THE DATA —
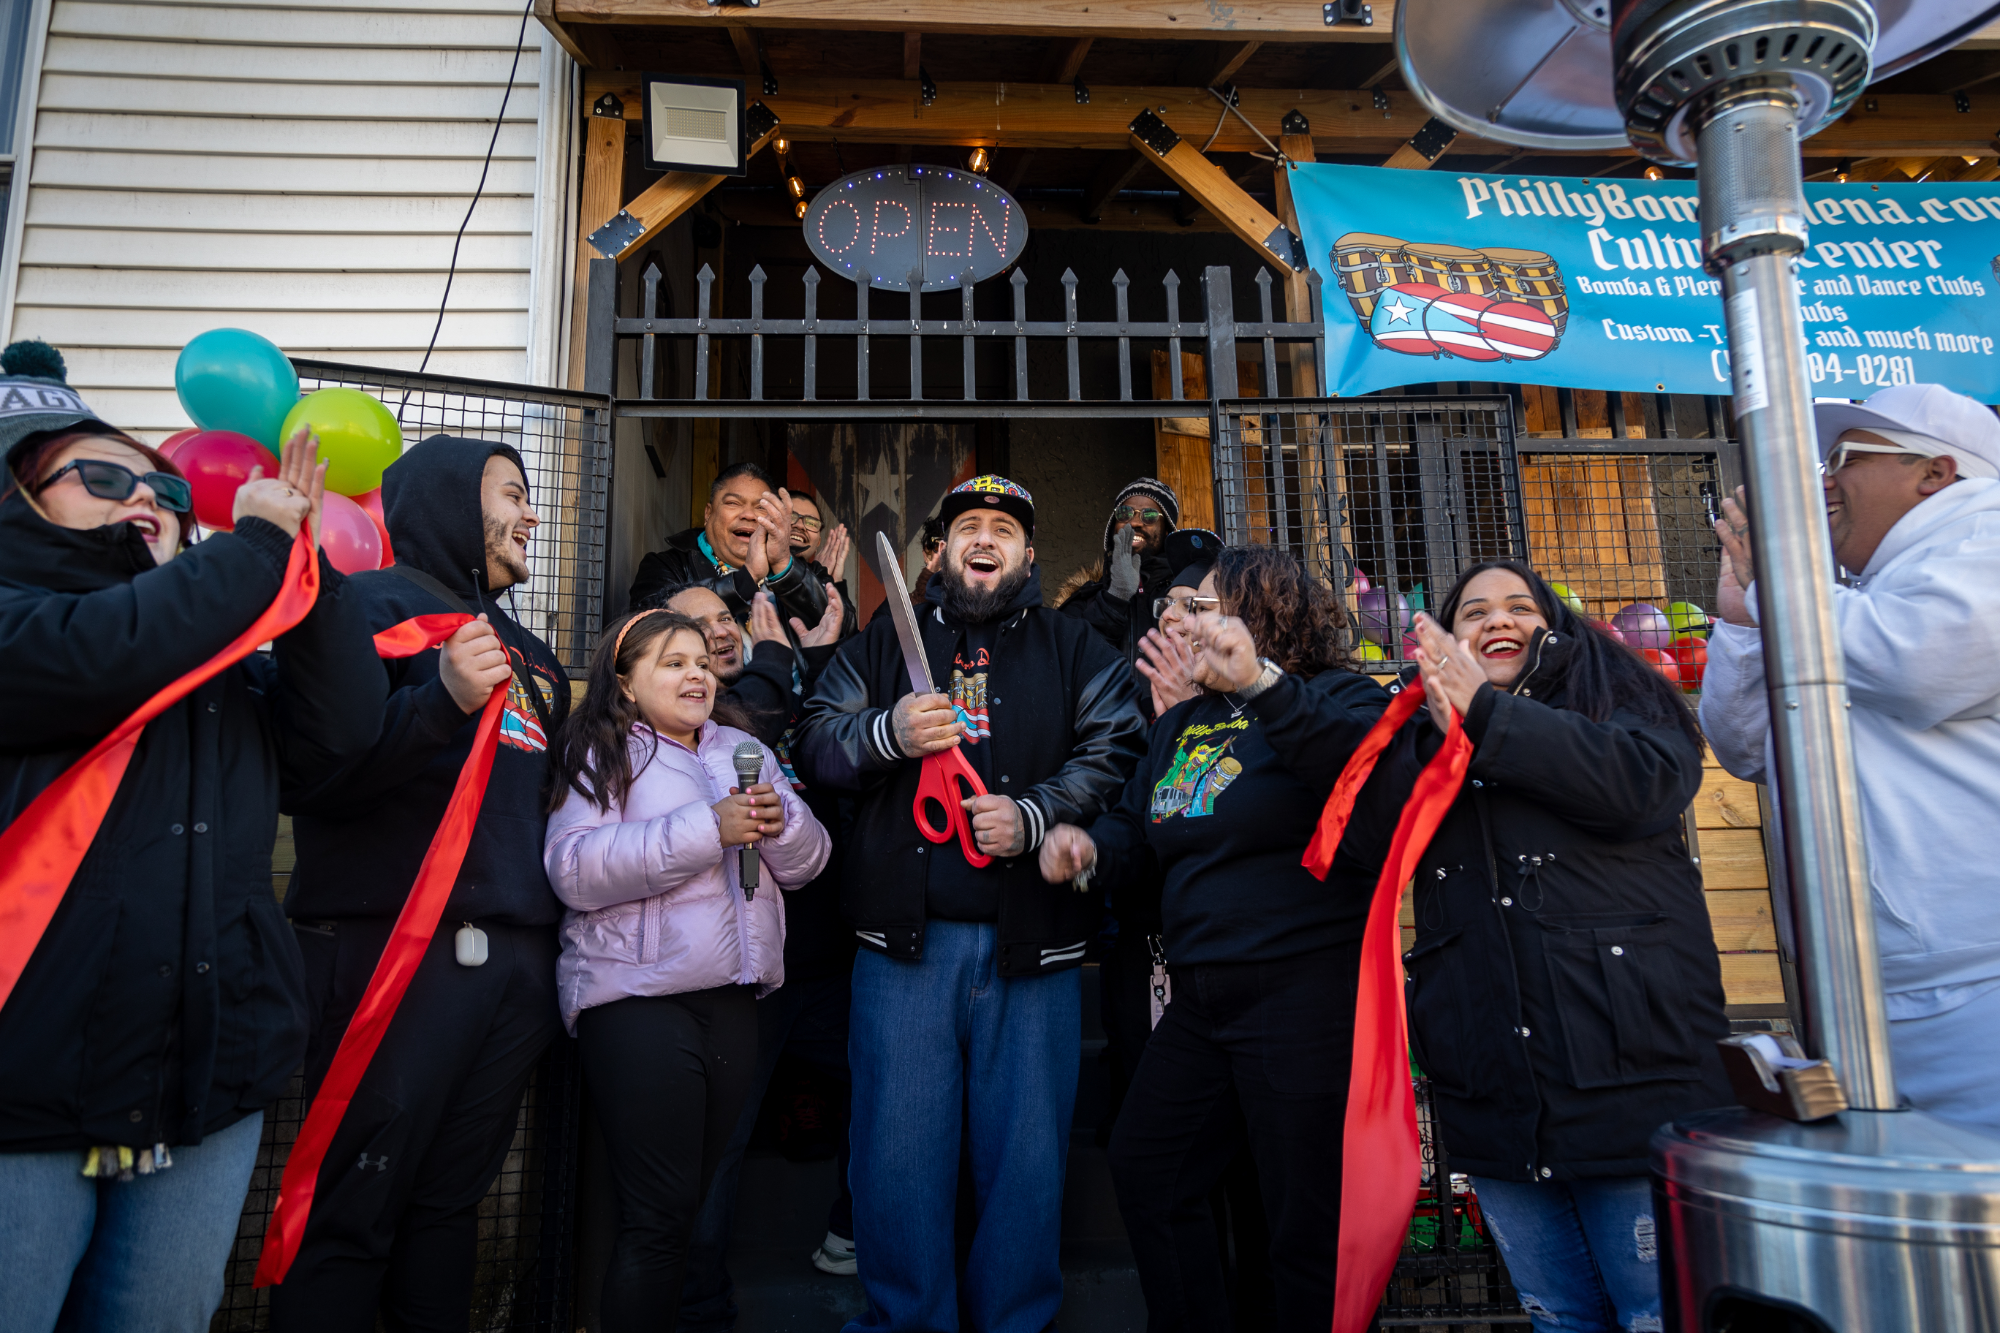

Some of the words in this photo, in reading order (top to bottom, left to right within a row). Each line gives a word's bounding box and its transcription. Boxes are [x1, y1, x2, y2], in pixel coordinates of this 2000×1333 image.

[818, 199, 1010, 258] OPEN
[1587, 227, 1702, 271] Cultu
[1798, 236, 1943, 269] enter
[1575, 275, 1653, 297] Bomba
[1655, 276, 1672, 297] &
[1673, 275, 1722, 298] Plen
[1813, 274, 1854, 296] and
[1854, 274, 1922, 296] Dance
[1925, 274, 1986, 298] Clubs
[1800, 300, 1849, 323] ubs
[1601, 318, 1695, 343] Custom
[1815, 325, 1863, 347] and
[1863, 325, 1932, 351] much
[1934, 331, 1995, 355] more
[1807, 352, 1917, 386] 04-0281
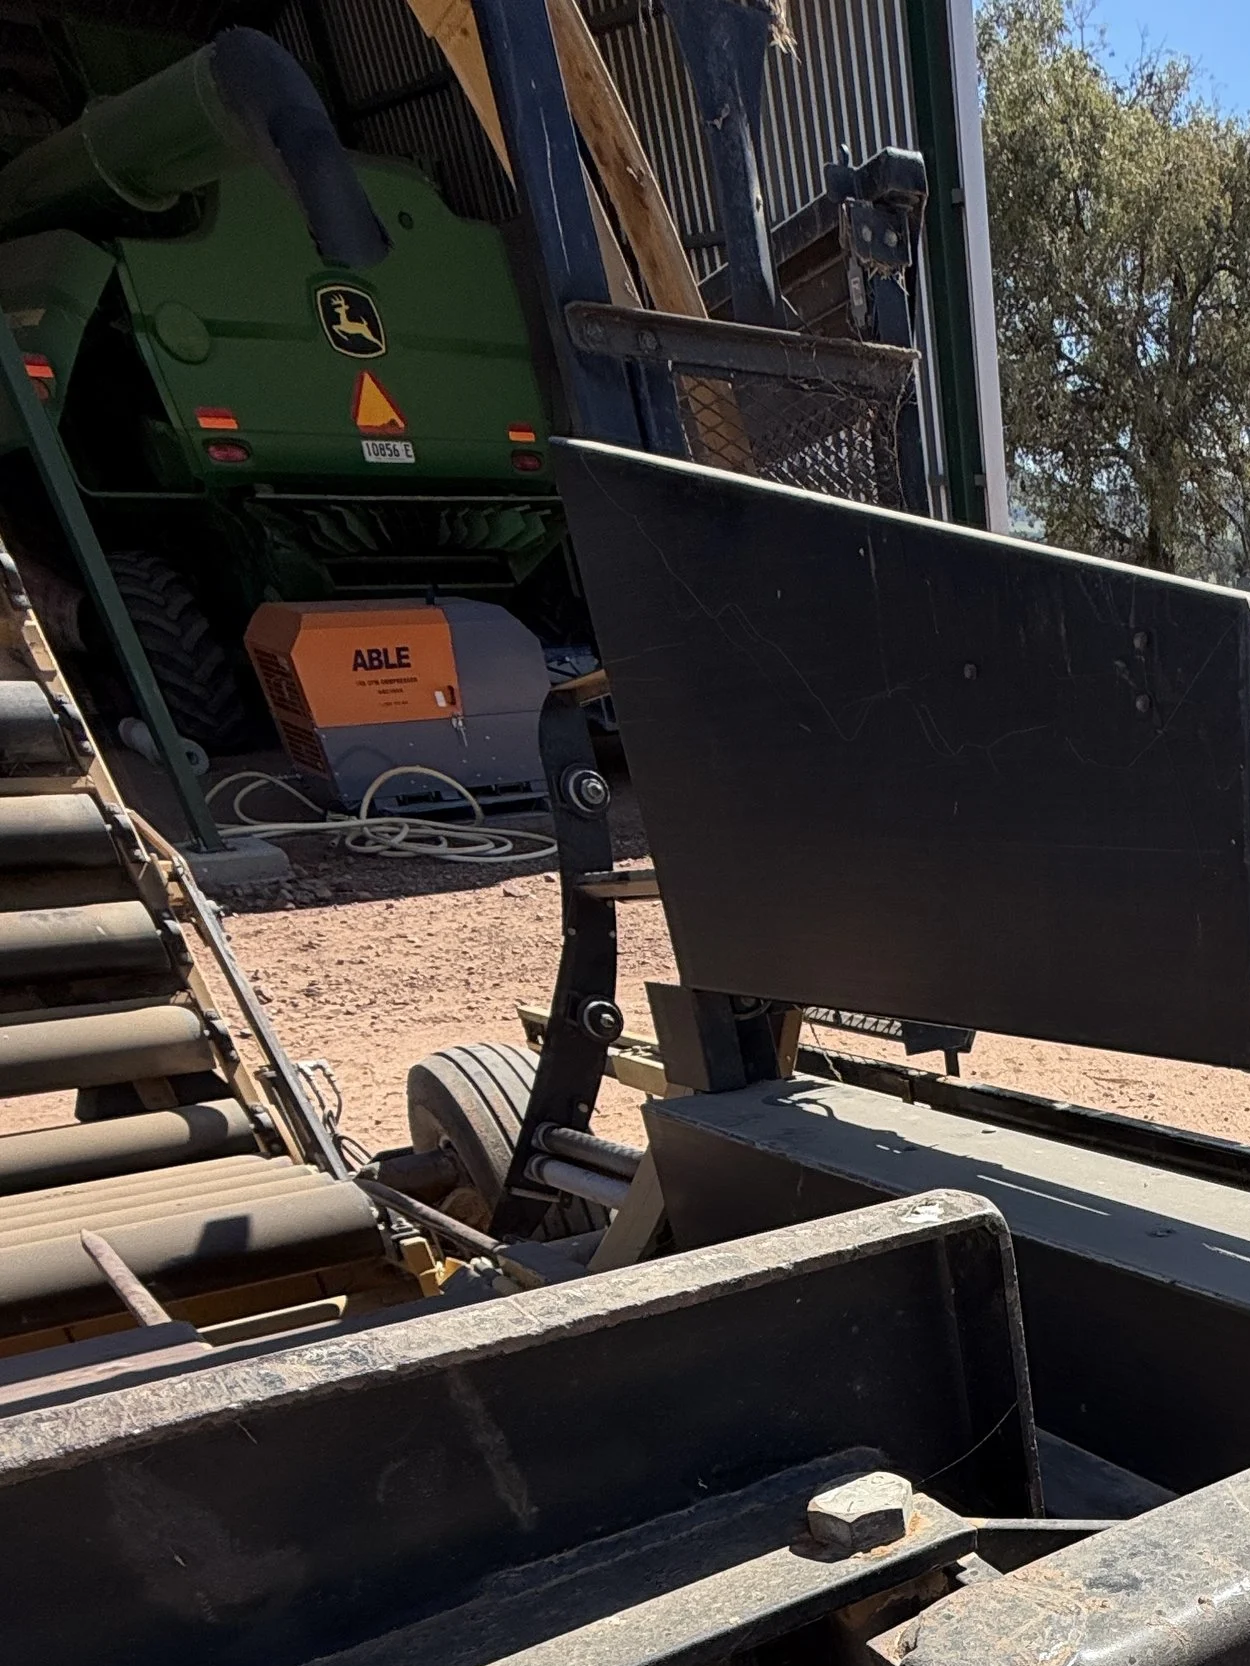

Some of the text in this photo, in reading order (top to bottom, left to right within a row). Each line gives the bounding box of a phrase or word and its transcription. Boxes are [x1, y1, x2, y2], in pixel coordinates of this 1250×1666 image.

[365, 442, 413, 458] 10856 E
[352, 646, 411, 672] ABLE

YOUR OBJECTIVE — The pictures are not wanted, but every line of the listing should be duplicated exactly.

COMPLETED TASK —
Some of the words in this photo, in reading order (top to bottom, left to right within a row). Each line gives a word's bounding box and its transcription. Boxes are [x1, y1, x2, y2], in pixel coordinates of this 2000×1333 image.

[818, 199, 1010, 258] OPEN
[1587, 227, 1702, 271] Cultu
[1798, 236, 1943, 269] enter
[1575, 275, 1653, 297] Bomba
[1655, 276, 1672, 297] &
[1673, 275, 1722, 298] Plen
[1813, 274, 1854, 296] and
[1854, 274, 1922, 296] Dance
[1925, 274, 1986, 298] Clubs
[1800, 300, 1849, 323] ubs
[1601, 318, 1695, 343] Custom
[1815, 325, 1863, 347] and
[1863, 325, 1932, 351] much
[1934, 331, 1995, 355] more
[1807, 352, 1917, 386] 04-0281

Some of the text in this photo, in reading order (top to bottom, left to right within a row). Each line gives the bounding box of a phrase or word and its transcription. Boxes are [x1, y1, x2, y2], in pixel coordinates of this 1250×1666 image.

[365, 442, 413, 458] 10856 E
[352, 646, 411, 672] ABLE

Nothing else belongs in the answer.